Data entries

|---|

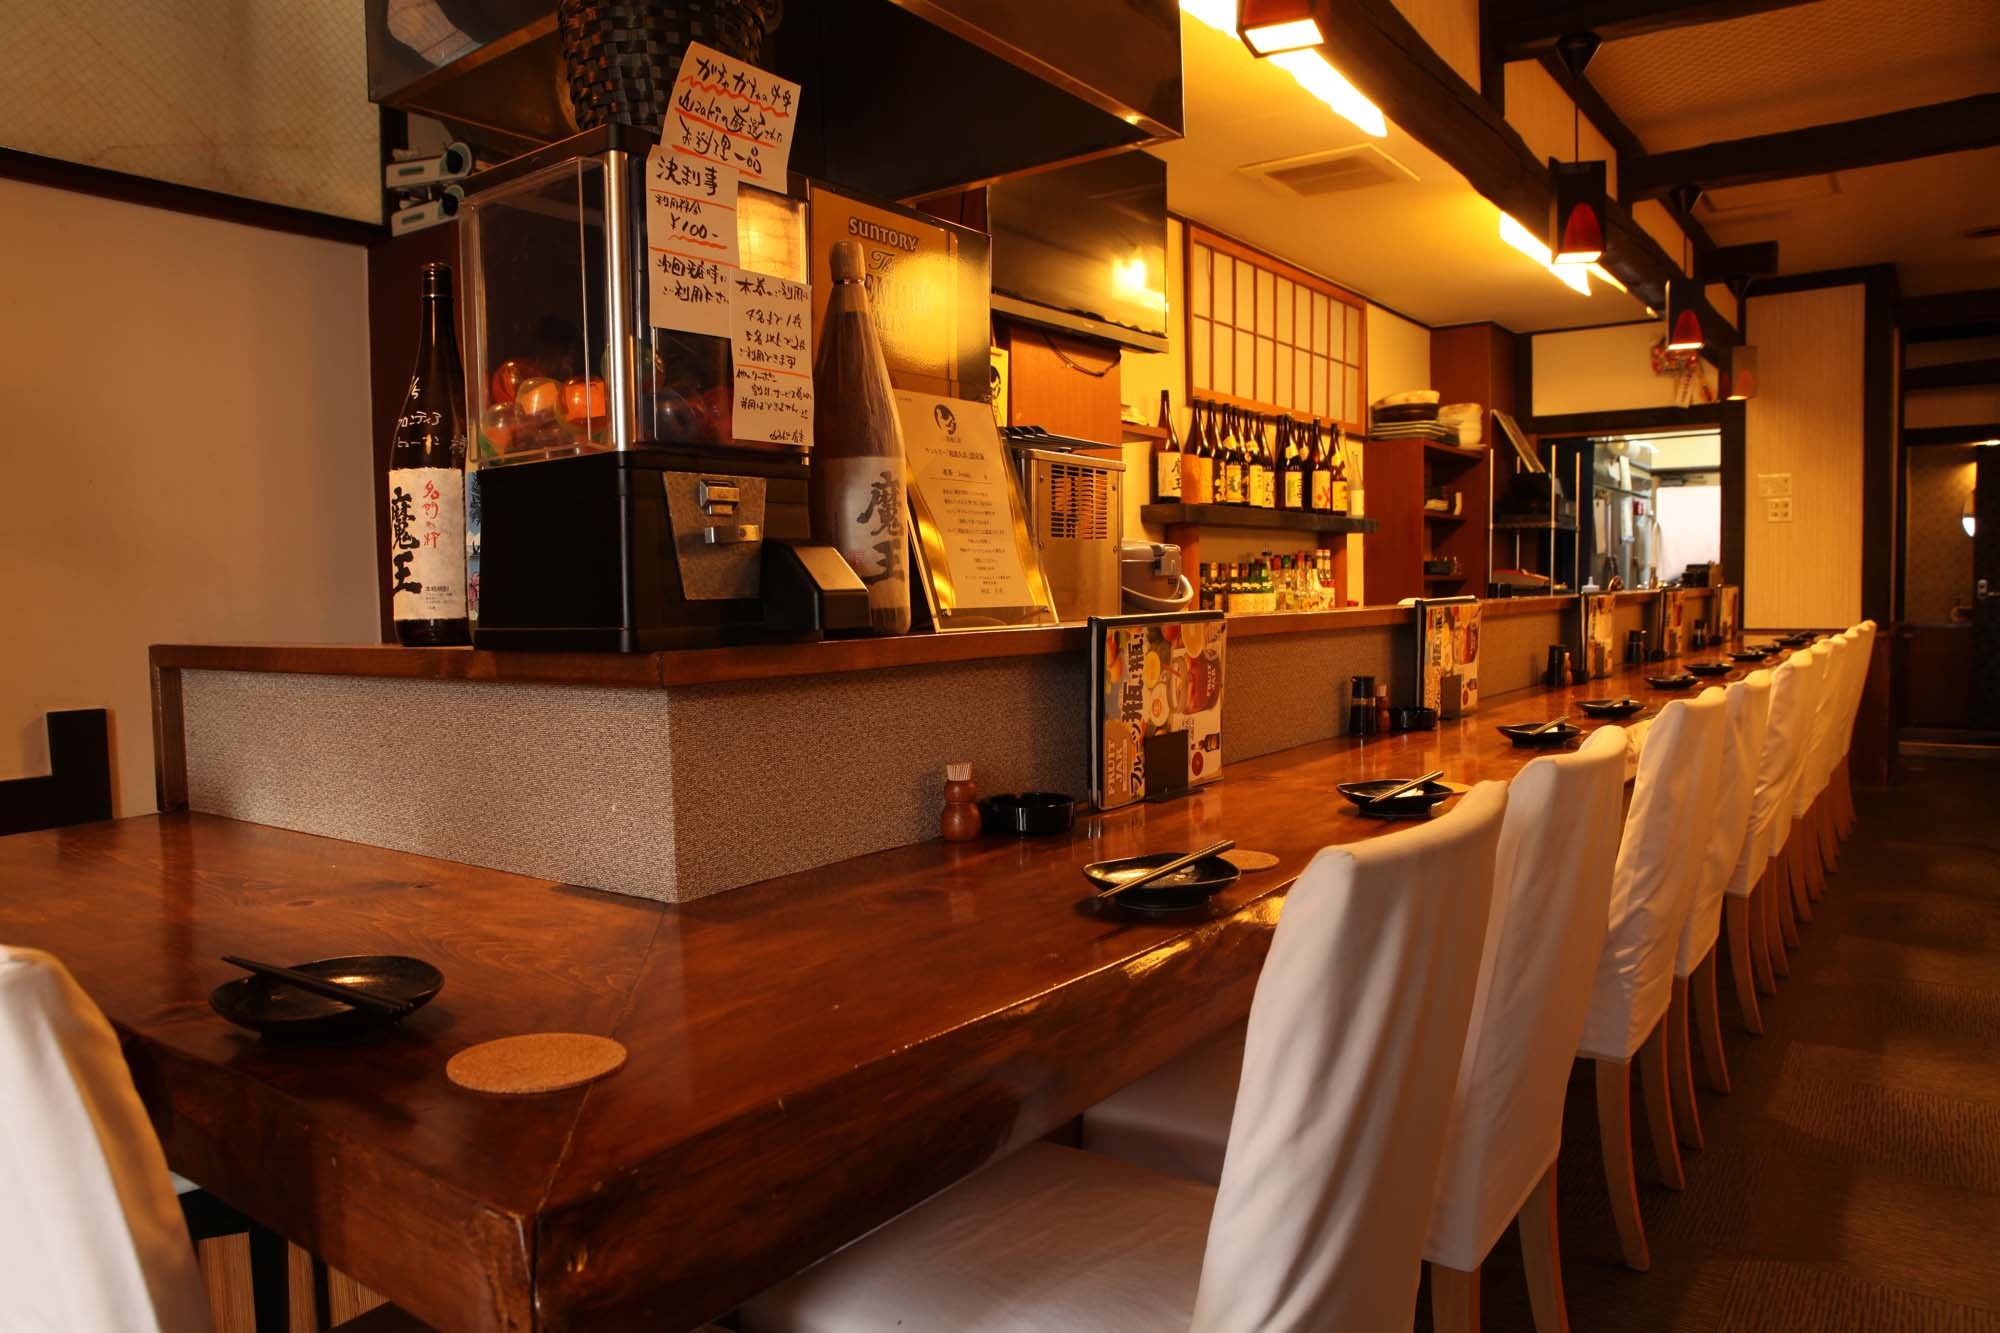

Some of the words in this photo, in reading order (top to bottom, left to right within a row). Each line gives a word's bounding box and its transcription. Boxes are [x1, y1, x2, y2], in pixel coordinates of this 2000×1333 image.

[849, 217, 919, 252] SUNTORY
[391, 486, 422, 597] 魔王
[1107, 739, 1117, 795] FRUIT
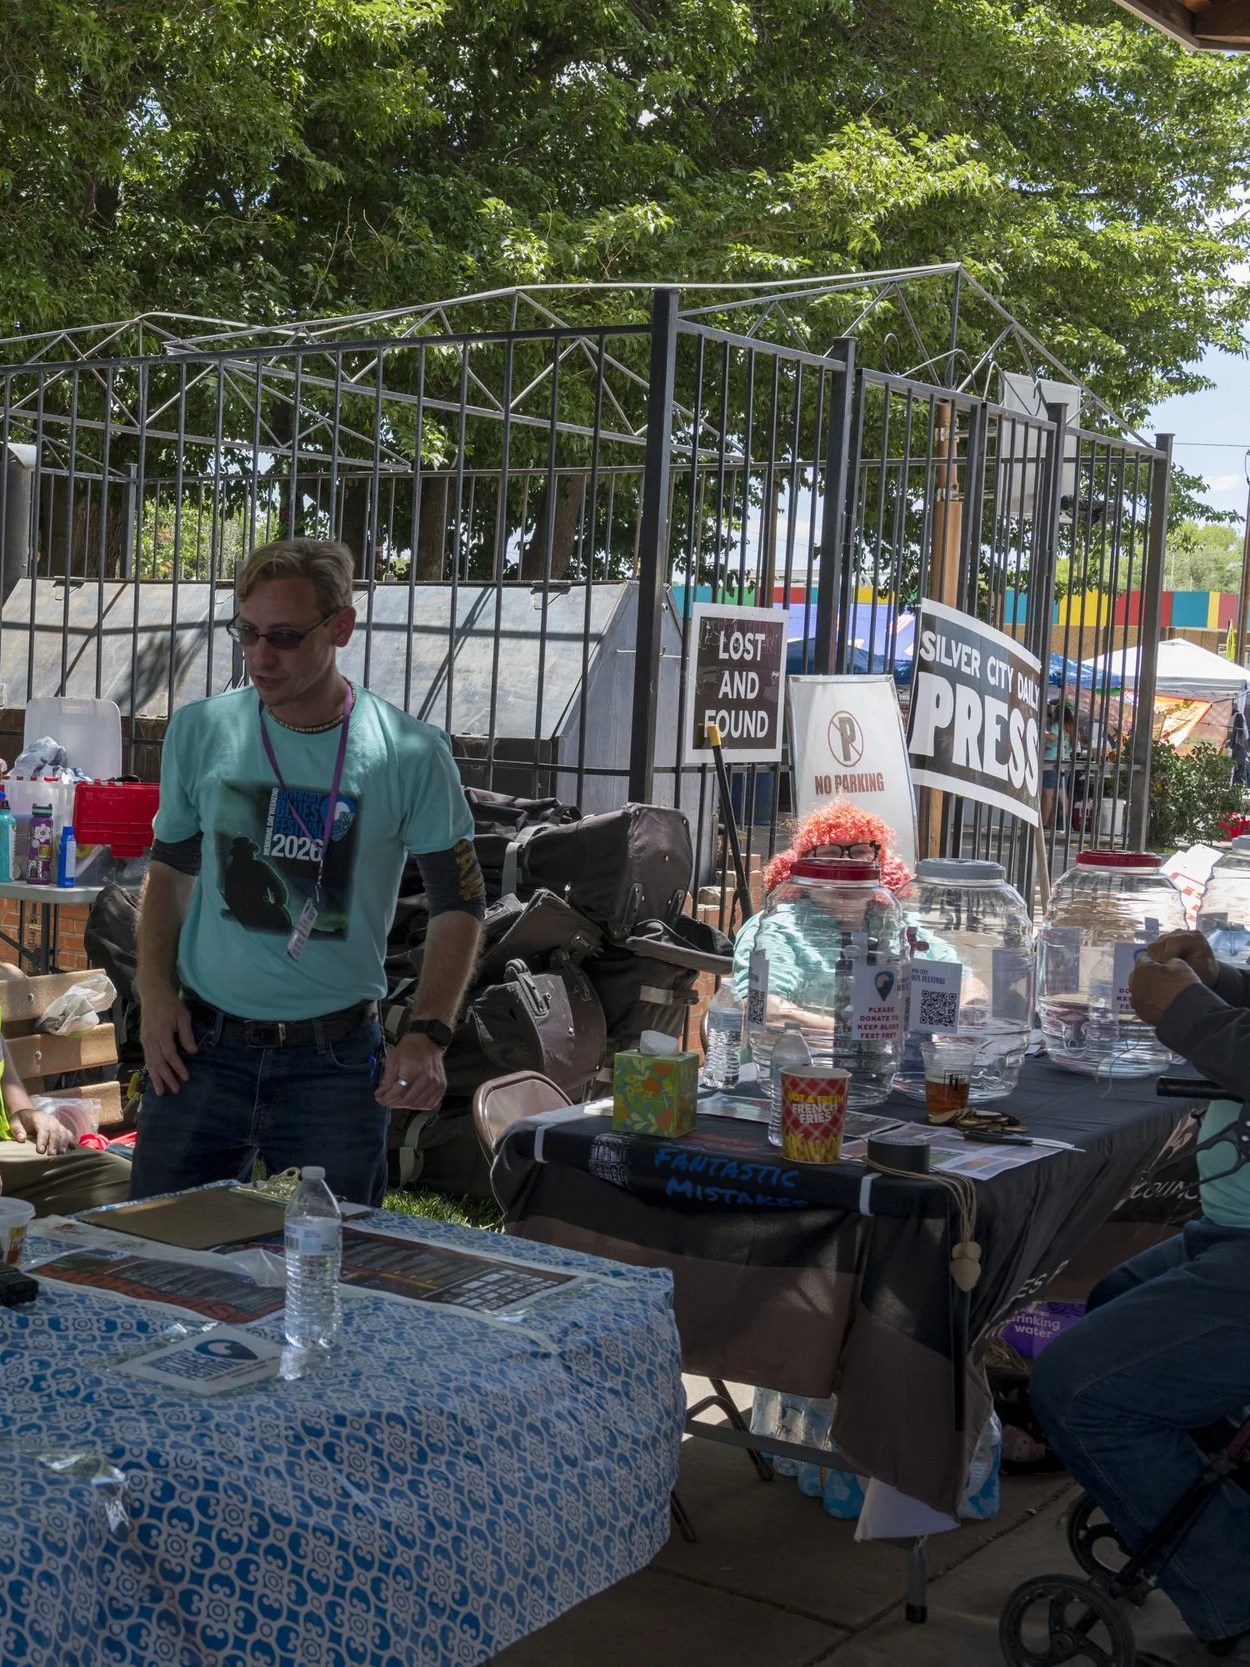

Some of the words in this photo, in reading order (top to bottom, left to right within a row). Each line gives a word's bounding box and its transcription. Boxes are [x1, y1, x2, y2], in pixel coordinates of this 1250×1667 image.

[718, 630, 766, 661] LOST
[718, 670, 759, 699] AND
[919, 630, 981, 679] SILVER
[986, 656, 1014, 693] CITY
[1018, 671, 1040, 712] DAILY
[704, 709, 769, 738] FOUND
[908, 671, 1039, 797] PRESS
[814, 775, 832, 795] NO
[835, 772, 885, 794] PARKING
[263, 826, 273, 856] MEMORIAL
[268, 787, 278, 815] WEEKEND
[271, 833, 324, 861] 2026
[788, 1091, 805, 1102] HOT
[807, 1095, 814, 1103] &
[791, 1103, 838, 1114] FRENCH
[799, 1112, 831, 1123] FRIES
[653, 1147, 799, 1188] FANTASTIC
[1014, 1325, 1053, 1339] water
[153, 1352, 215, 1374] BLUES
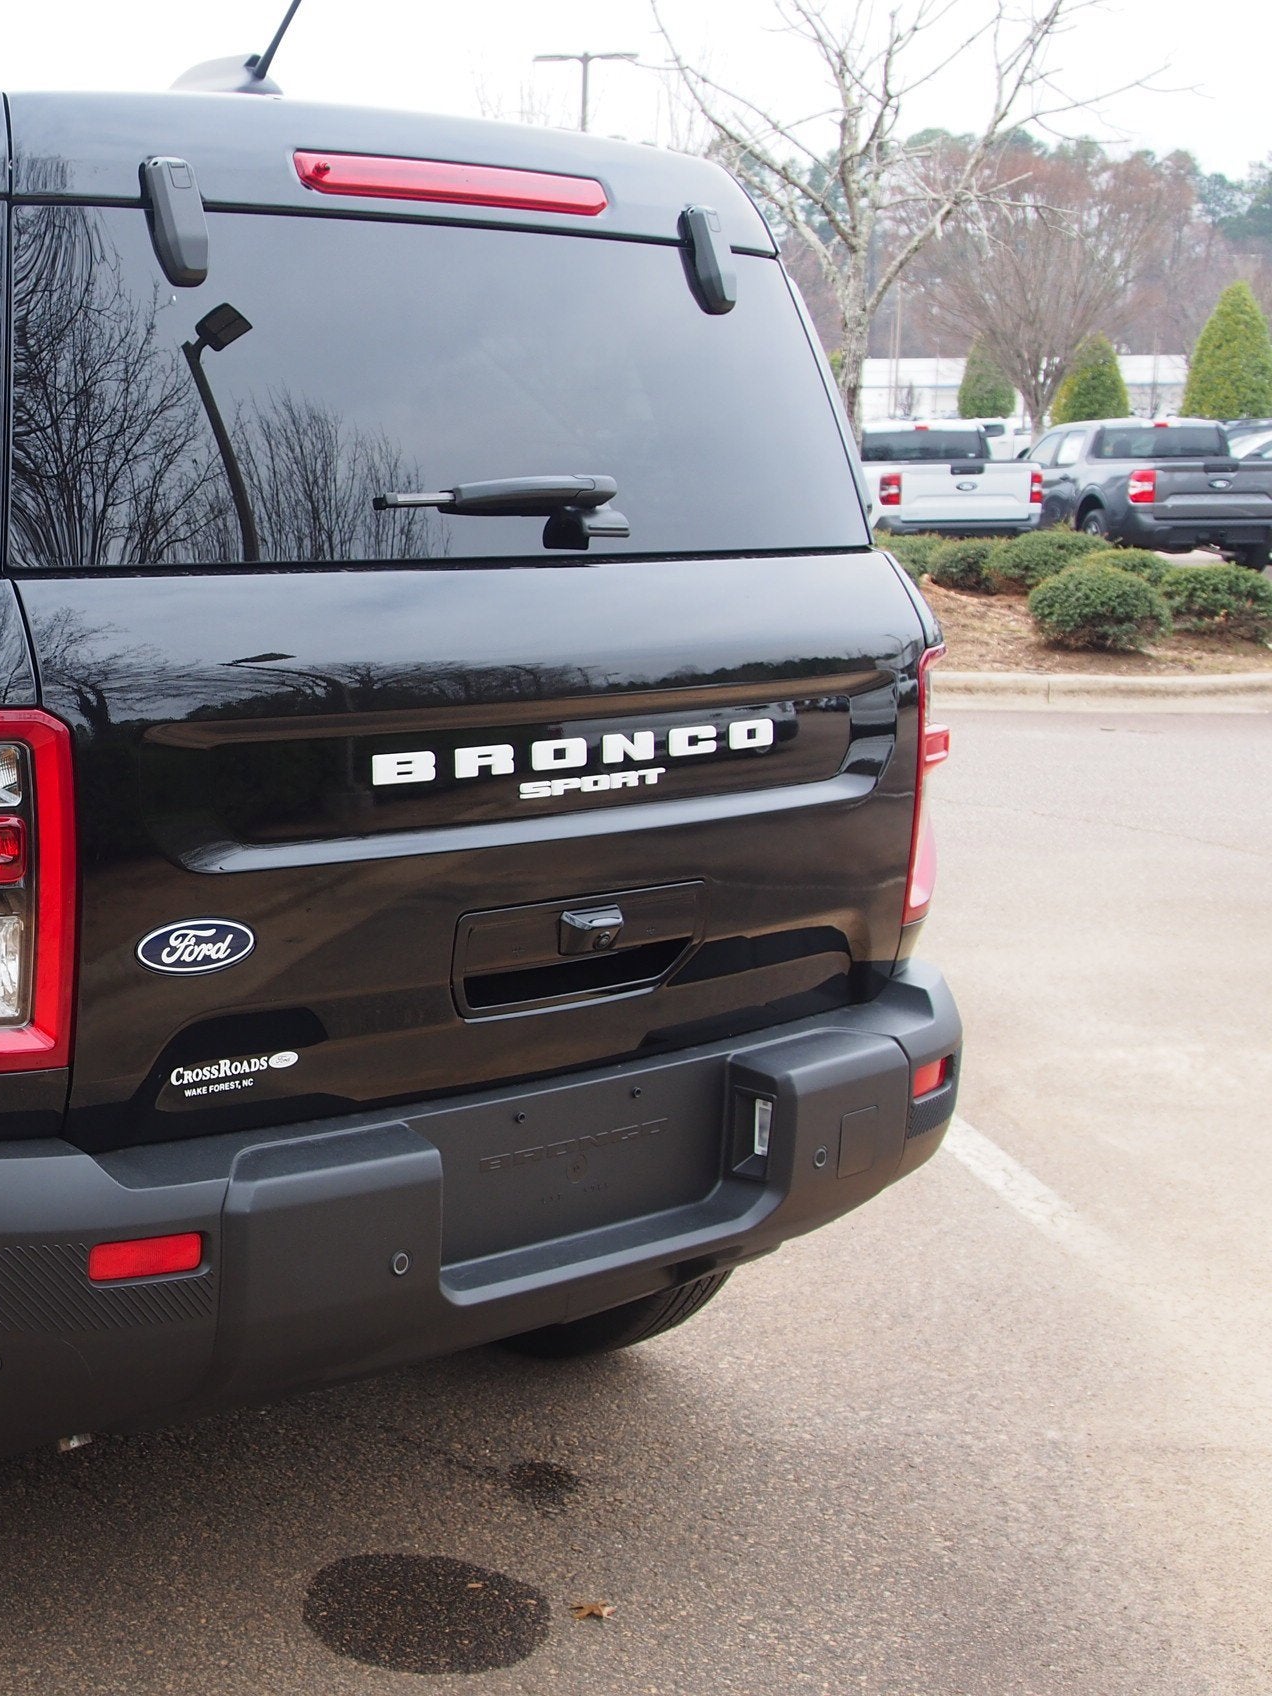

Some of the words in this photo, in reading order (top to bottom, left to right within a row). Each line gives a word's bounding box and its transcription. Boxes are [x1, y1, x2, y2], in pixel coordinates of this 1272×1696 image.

[371, 718, 775, 786] BRONCO
[519, 766, 666, 800] SPORT
[161, 928, 234, 964] Ford
[184, 1086, 208, 1098] WAKE
[242, 1078, 254, 1088] NC

|---|

What is being asked
Pictures are to be dropped, and every record is to be copied exactly.

Problem solution
Some of the words in this photo, in reading order (top to bottom, left to right within a row). Each line gives a word's bounding box and its transcription. Boxes are [x1, y1, x2, y2], in pixel coordinates of this 2000×1333 image.

[849, 217, 919, 252] SUNTORY
[391, 486, 422, 597] 魔王
[1107, 739, 1117, 795] FRUIT

Some of the words in this photo, in reading order (top to bottom, left to right within a row). Each line gives a word's bounding box and its transcription. Boxes are [x1, y1, x2, y2], in pixel coordinates of this 1250×1667 image.

[718, 630, 766, 661] LOST
[718, 670, 759, 699] AND
[919, 630, 981, 679] SILVER
[986, 656, 1014, 693] CITY
[1018, 671, 1040, 712] DAILY
[704, 709, 769, 738] FOUND
[908, 671, 1039, 797] PRESS
[814, 775, 832, 795] NO
[835, 772, 885, 794] PARKING
[263, 826, 273, 856] MEMORIAL
[268, 787, 278, 815] WEEKEND
[271, 833, 324, 861] 2026
[788, 1091, 805, 1102] HOT
[807, 1095, 814, 1103] &
[791, 1103, 838, 1114] FRENCH
[799, 1112, 831, 1123] FRIES
[653, 1147, 799, 1188] FANTASTIC
[1014, 1325, 1053, 1339] water
[153, 1352, 215, 1374] BLUES

Some of the words in this photo, in reading order (top to bottom, left to right within a row). Each line gives a word's bounding box and its transcription. Boxes are [x1, y1, x2, y2], in pixel coordinates of this 1272×1696 image.

[371, 718, 775, 786] BRONCO
[519, 766, 666, 800] SPORT
[161, 928, 234, 964] Ford
[184, 1086, 208, 1098] WAKE
[242, 1078, 254, 1088] NC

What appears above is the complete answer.